What do you want to use firearms for? What type of home situation do you have? Rural, Subdivision, Urban?

Just some basics from ole Slippy...A 12 gauge or 20 gauge shotgun are both excellent personal protection firearms with the right ammo. A semi-automatic rifle chambered in 5.56 will get the job done but may require a bit more training etc. A revolver is a great option as is a semi-auto handgun. Lots of great options.

PS WROL means Without Rule of Law.


----------



## Coolwater

Oh duh to me, had forgotten about scopes! Ok, I'll just go talk to someone monday. thank you so much


----------



## bigdogbuc

Rifles, pistols shotguns? What are these things you speak of? I'm confused.


----------



## BagLady

CoolWater. Just found out your a woman. That's good that your willing to go through training. When you do, you will be able to test several rifles, pistols and shotguns to see what works best for you.
Others here can better advise you on home defense weapons. I like my .22 semi-auto rifle because it holds 10 rounds of ammo, can shoot long distance, and is light weight. I have a scope on it.
Welcome aboard.


----------



## bigwheel

Hey Coolwater snag one of these. Its what the Rifleman would have used if he could have afforded it most likely. Only thing is..its really a pistol. Its a clone of what Josh Randall aka Steve McQueen carried on the Bounty Hunter TV series.
Rossi USA


----------



## Coolwater

Ok Slippy, woman who used to go shooting all the time with her dad, and got very good with all his guns. Then married a guy who won't use guns. I live 12 miles from huge city, by a lake and a creek - nearly a subdivision but not crowded like those, except the lake is always packed with fishermen, joggers, etc. I truly didn't mean to worry so many about this. Will just go see where I can find a range like spoken of. Thanks on the WROL!


----------



## Inor

Coolwater -

This conversation has gotten a bit on the bizarre side for me. I do not want to slap you down for being a poser. But from previous posts, I cannot rule out the possibility. If you really want to learn from us and be part of us, please go take some classes and rent some weapons and let us know how it goes or post some knowledge on other topics.
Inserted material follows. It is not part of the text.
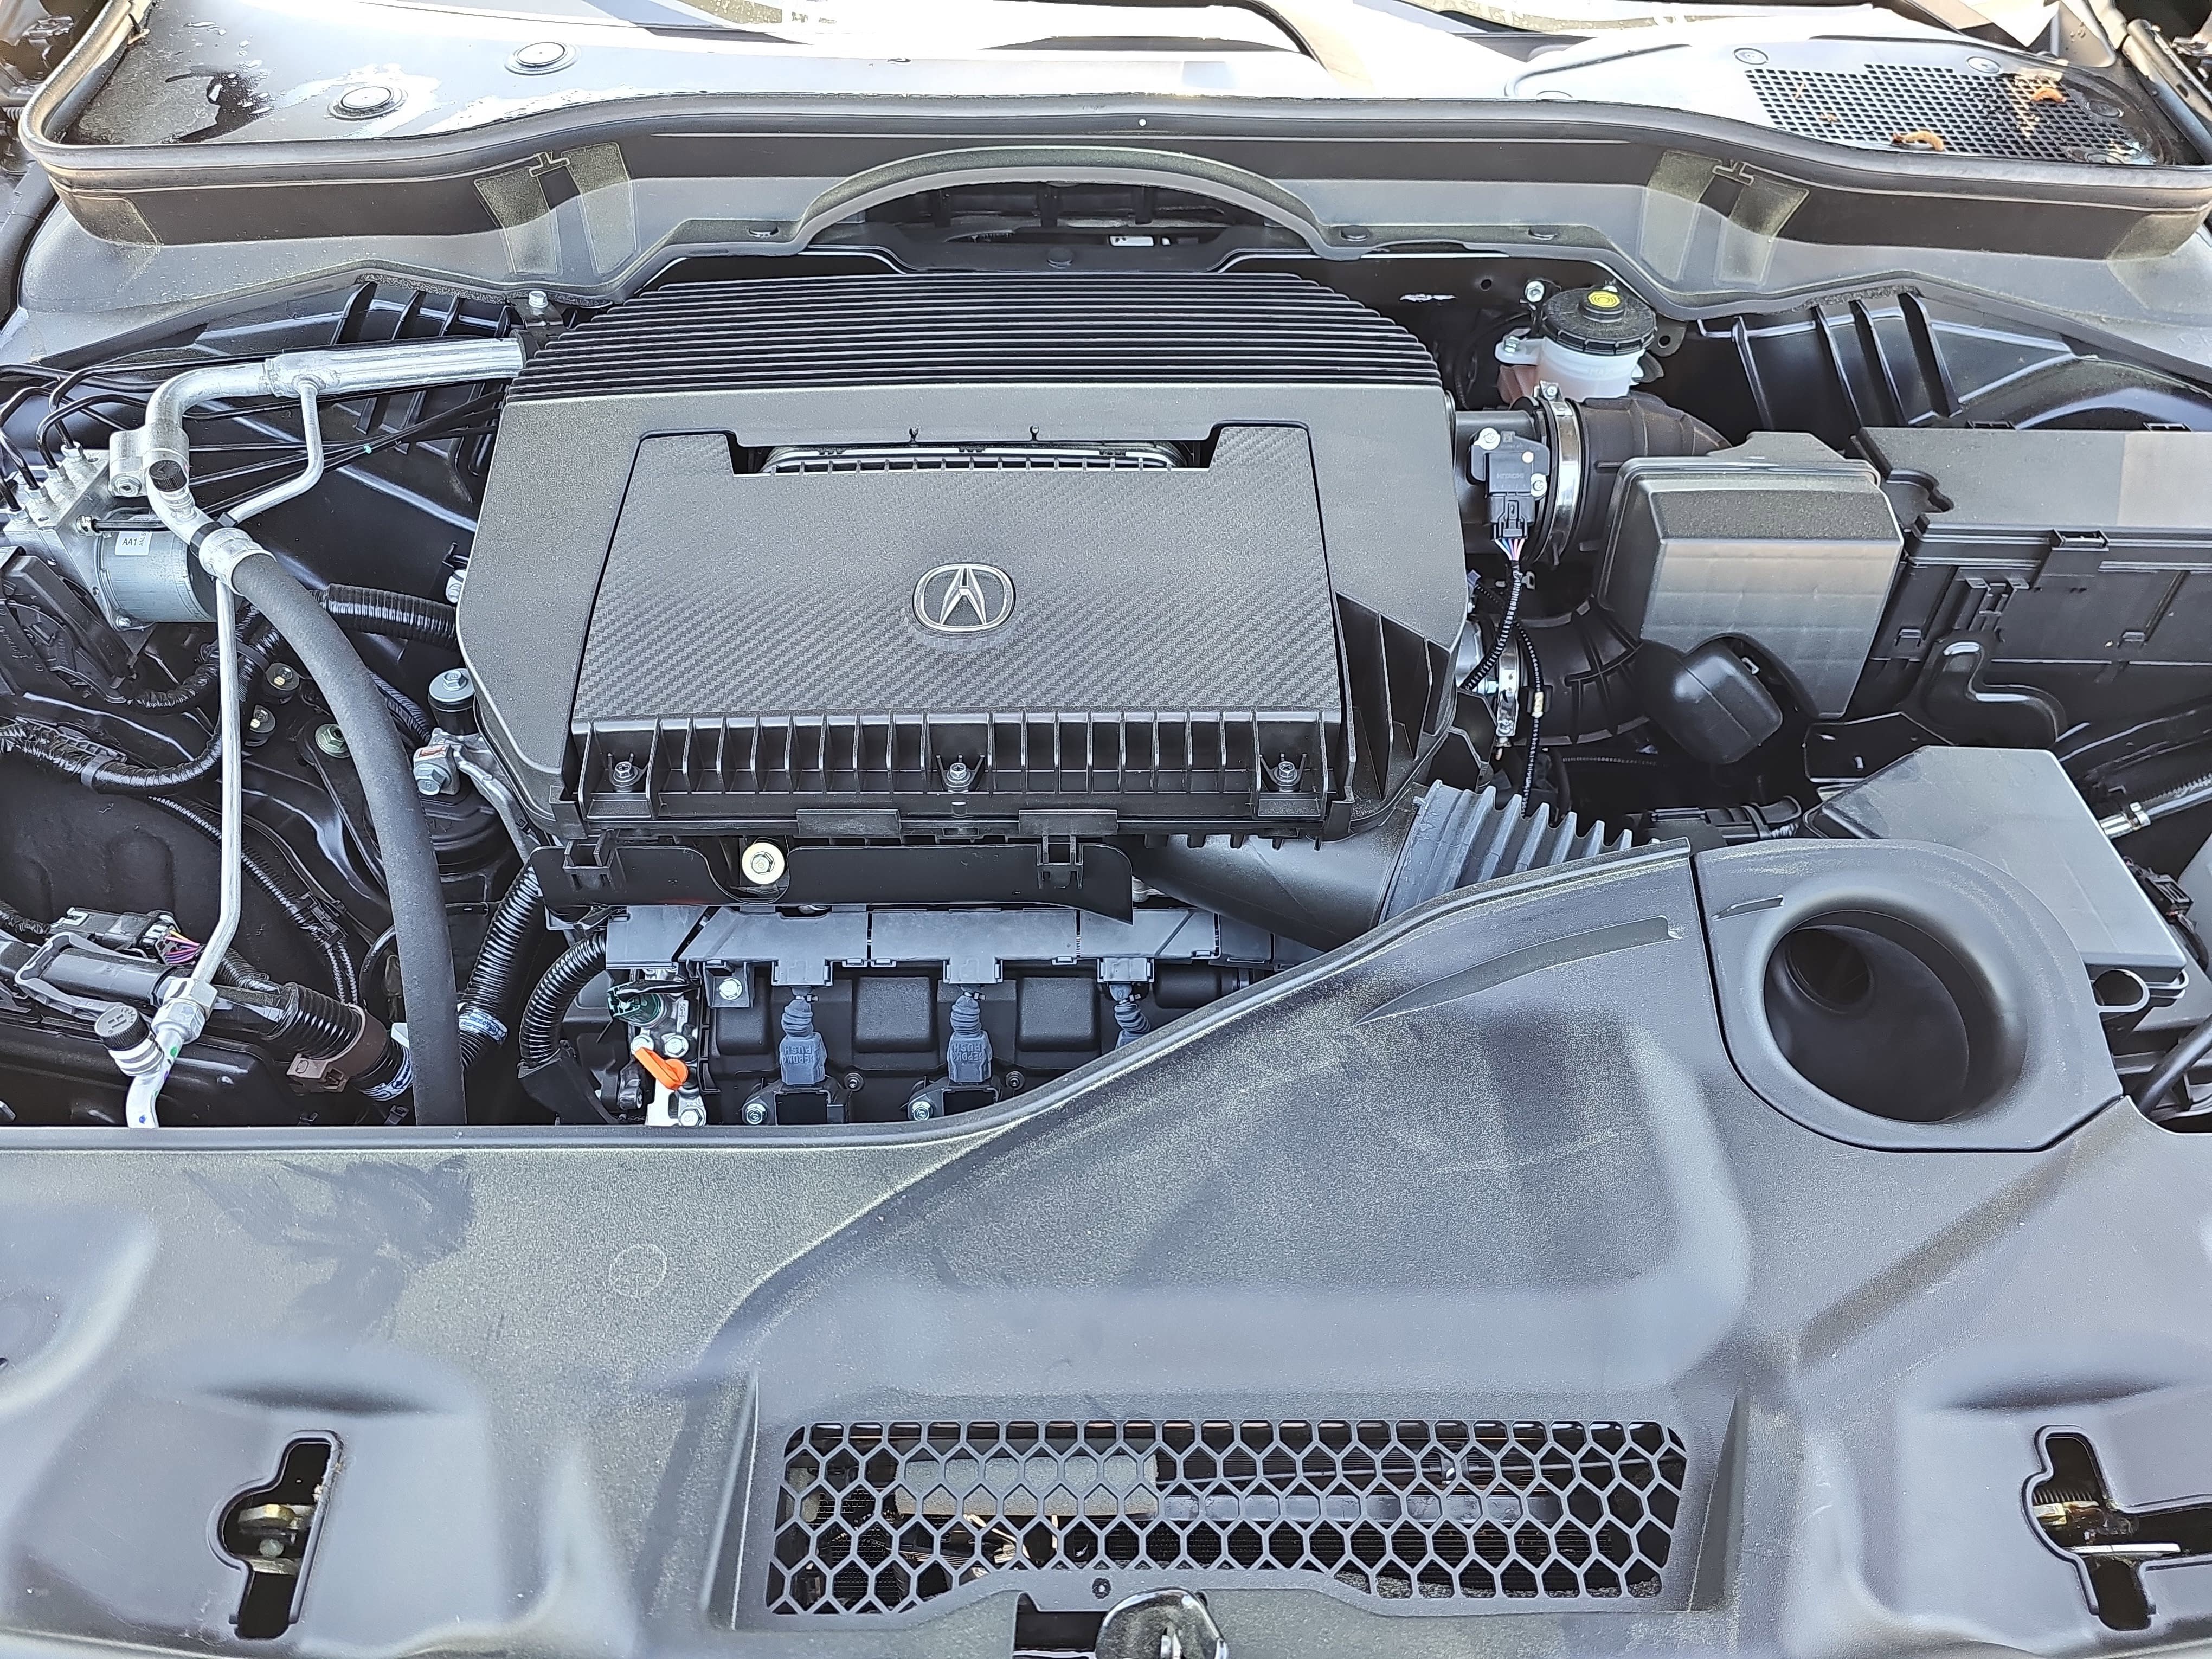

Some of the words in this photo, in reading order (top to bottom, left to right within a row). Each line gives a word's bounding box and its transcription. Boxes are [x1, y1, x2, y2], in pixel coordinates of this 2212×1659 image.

We will know if you are bullshitting.

Inor signing out on this thread.

-I-


----------



## Coolwater

That's pretty cool, bigwheel ~ only thing is, I'd probably slam my fingers in that latch, then yell in pain and then get shot. Wouldn't the sliding bar to cock it work easier? Thanks, and I'm quitting worrying you guys now.


----------



## Coolwater

Peace, InOR, please? Why on earth would I try being a poser when I seriously came asking about guns? I wouldn't. Appreciate all the advice and will go find a place monday, thanks for all the help.


----------



## 8301

CoolWater, Start with s simple and inexpensive rifle like a Ruger 10/22 (less than $300). For a pistol start with a 38 or 38 special. You can always work up to more powerful weapons but start small and simple. A 20 gauge (or even better a 12 ga) pump action shotgun makes a simple home defense weapon. Practice regularly: no matter how big your gun it is useless in a panic situation if you haven't practiced enough.

Pepper spray may be useful inside your home but if you have people coming out of the city looking for food you will need a rifle. A 22 rifle isn't the most powerful choice but nobody is going to charge your home if you can shoot a 22 at them and the ammo is cheap for lots of practice. In the long run I'd suggest something with a bit more hitting power but start simple and learn safe gun control and accuracy.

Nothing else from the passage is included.